Translating “Transference” in Psychotherapy (in Plain English)

Transference is a universal psychological phenomenon in which a person’s relation to another person has elements which are similar to and/or are based on his or her earlier attachments, especially to parents, siblings, and significant others. In a psychodynamic treatment, particularly the more intense the treatment, a relationship between patient and therapist/analyst is fostered in which intense feelings are accentuated. As in any other relationship the patient sees the analyst/therapist not only objectively but imputes qualities to the therapist/analyst which are based on qualities of other important figures in his or her current and/or earlier life. A therapist thus can utilize the patient’s experience of the therapist to understand the nature and difficulties of the patient’s relationships in his/her current life and their connections to the patient’s earlier life.

[Source: “Beyond Freud,” by Lawrence Blum M.D. and Leon Hoffman M.D. at]

Here’s my “translation” of transference.

When you come into contact with another person, your beliefs about current people in your life, past people in your life, as well as people in general will all subconsciously influence your emotional reactions to the person. It’s not only with a psychotherapist; it’s with anyone.

For example, if somebody has a style of voice or a mannerism which reminds you of a current or past important person in your life, then your beliefs about this person might influence the new person you’re encountering now.

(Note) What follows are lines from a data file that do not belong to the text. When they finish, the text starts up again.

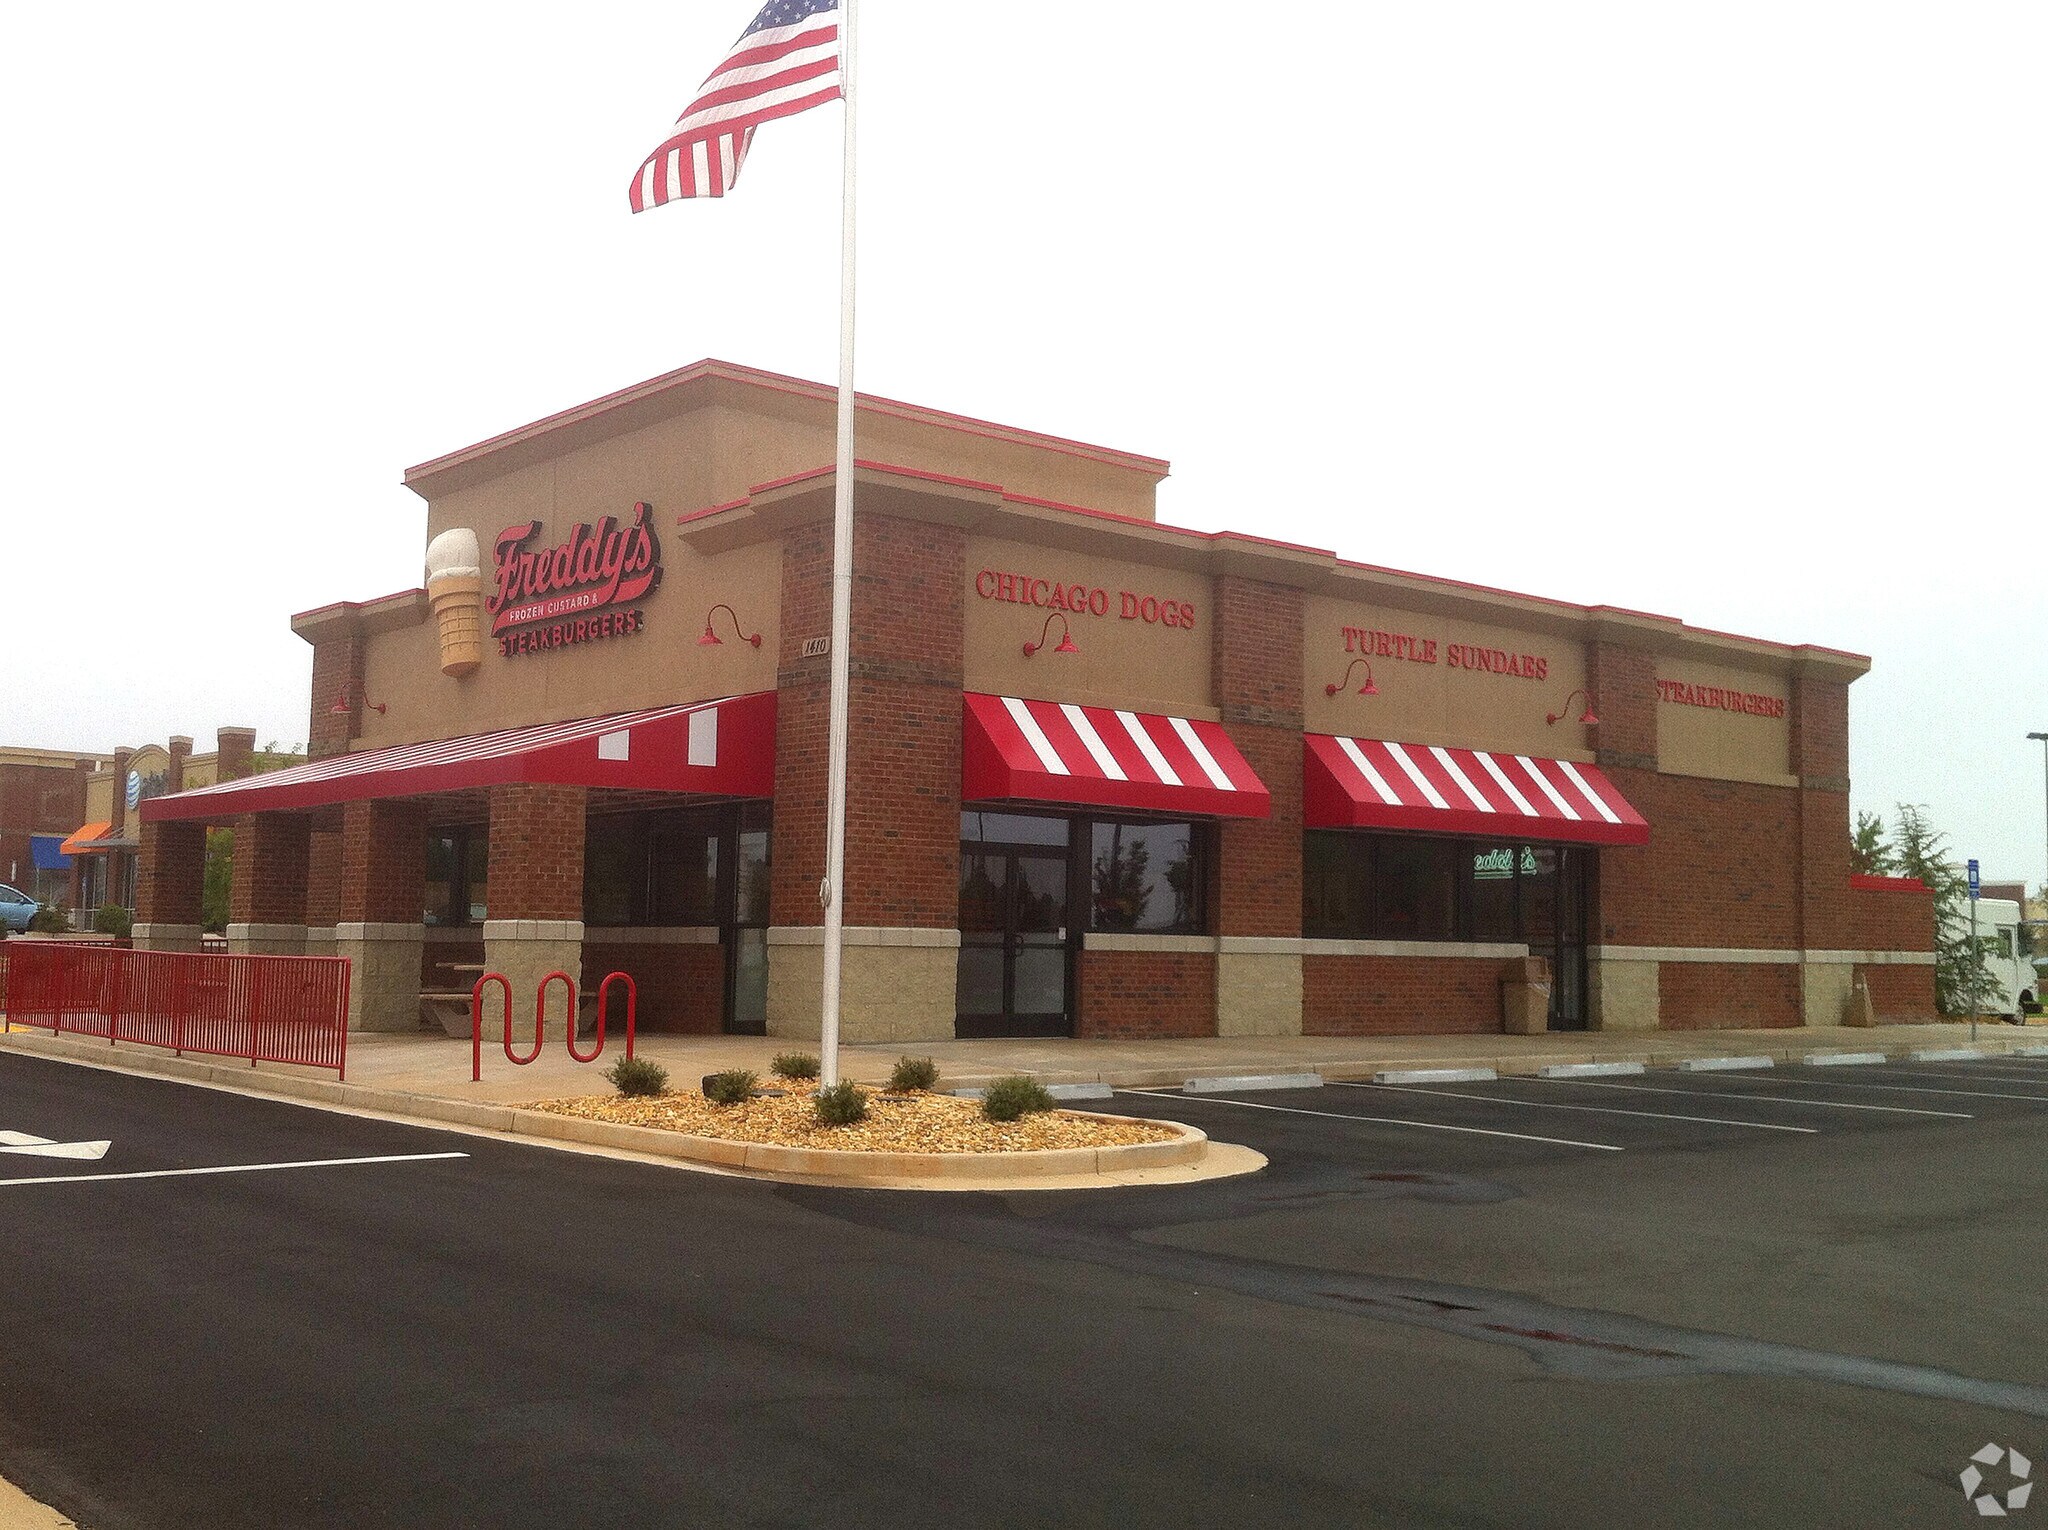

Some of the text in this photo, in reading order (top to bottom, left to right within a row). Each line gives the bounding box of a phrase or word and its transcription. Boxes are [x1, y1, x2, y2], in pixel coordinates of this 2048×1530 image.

[485, 501, 658, 615] Freddy's
[509, 592, 599, 622] FROZEN CUSTARD &
[975, 568, 1196, 630] CHICAGO DOGS
[498, 609, 638, 657] STEAKBURGERS
[804, 639, 827, 654] 1410
[1341, 626, 1548, 681] TURTLE SUNDAES
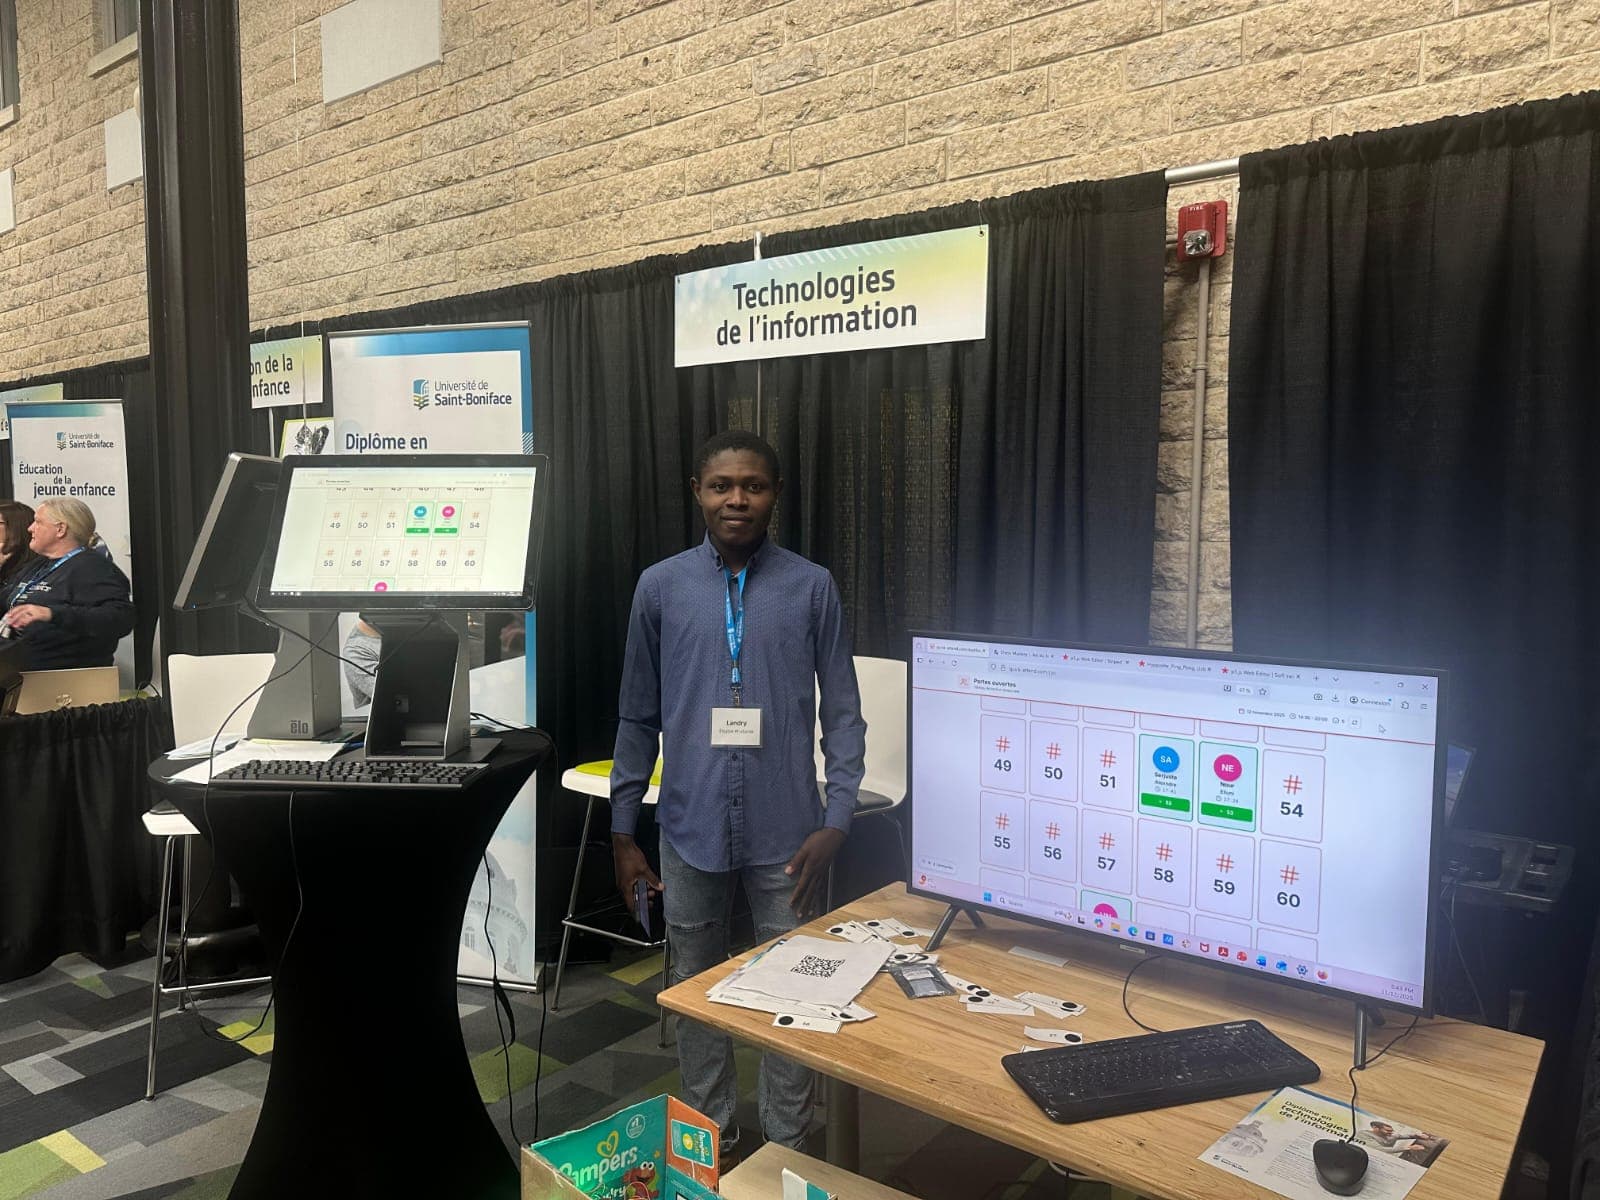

This is particularly true when you form an association or bond with a psychotherapist. Why? Because psychotherapists, regardless of style or theoretical view, are focused primarily on yourself. It’s not a two-way exchange, as in a friendship or a romantic relationship, nor is it supposed to be. Because the therapist is somewhat of a “blank slate” compared to other people you get to know as friends, romantic partners or even business associates, your subconscious mind will tend to “project” onto this new person — in the form of your beliefs, views and attitudes (even prejudices) — attributes that are really about your own inner emotions, not the therapist.

According to classical psychoanalytic or psychodynamic (i.e. Freudian or neoFreudian) theory, it’s your childhood wishes, urges or other “unconscious” impulses creating these feelings. This might sound reasonable, until you attempt to define “childhood wishes, urges or impulses.” These are vague terms and concepts, and don’t have any meanings you can pinpoint in reality. Perhaps they’re convenient for the psychoanalytic therapist who will see you several times a week for the next decade in order to form an “intense” relationship for its own sake; but don’t expect it to give you any real answers about yourself.

A belief or viewpoint, on the other hand, is actually something real. Beliefs and viewpoints are not always in congruence with facts and reality. They’re not always rationally defensible, even by yourself. But they do exist as part of your mind. If they come out automatically and against your will, in the form of emotions, then they’re simply mental content which reveals something about the way your mind thinks on the automatic level.

The part of the above quotation which makes the most sense is: “As in any other relationship the patient sees the analyst/therapist not only objectively but imputes qualities to the therapist/analyst which are based on qualities of other important figures in his or her current and/or earlier life.

In other words, your mind forms associations throughout life. Emotional associations provide convenient ways of condensing our thoughts and ideas into simplified value judgments. “Hope.” “Despair.” “Guilt.” “Pride.” “Love.” “Disgust.” Emotions sum up a lot of things pretty well.

The condensation aspect of emotion allows us to handle a lot of information all at once. It’s part of what enables us to advance beyond the level of our cats and dogs. At the same time, emotions can oversimplify or make other kinds of logical errors. That’s why our reasoning minds (including, sometimes, psychotherapy) are necessary: To help us figure out what our errors or distortions in thinking are, so we don’t blindly or destructively act upon those errors.

Back to what the psychoanalysts call transference. If your therapist reminds you of your mother, then the thing to examine is: What did my mother say or do that resulted in my feeling the way I do now? What do I think of that behavior, and why?

If your therapist reminds you of someone you really respect, love, hate, or are easily annoyed by, then it’s simply a reflection of the fact that you hold ideas and views about people which are relevant with your therapist, at this particular moment, just like they might be with anyone else you encounter.

If you think your therapist is saying or doing something for which there’s really no evidence upon reflection, then the next question to ask yourself is: “What does this remind me of? Who in my life, past or present, does this kind of thing, or says this kind of thing? And what do I think about it?”

If “transference” is of any use while working with a psychotherapist, this is it. It helps you expose or become aware of various thoughts, ideas, assumptions or even prejudices you have about people in general, or significant others (past or present) in particular. It’s useful information about why you think and feel as you do about people.

None of it is really about the therapist. It’s all about you — and what your mind thinks, feels and perceives regarding all the people with whom you form relationships.

The solution to your emotional conflicts is not years of open-ended psychoanalysis designed to create intensity in a therapy relationship and stir up emotions from past experiences. Conflicts in your psychological state require the same method as intellectual and other problems in life: reason. A psychotherapist’s job is to help you apply reason to your emotions.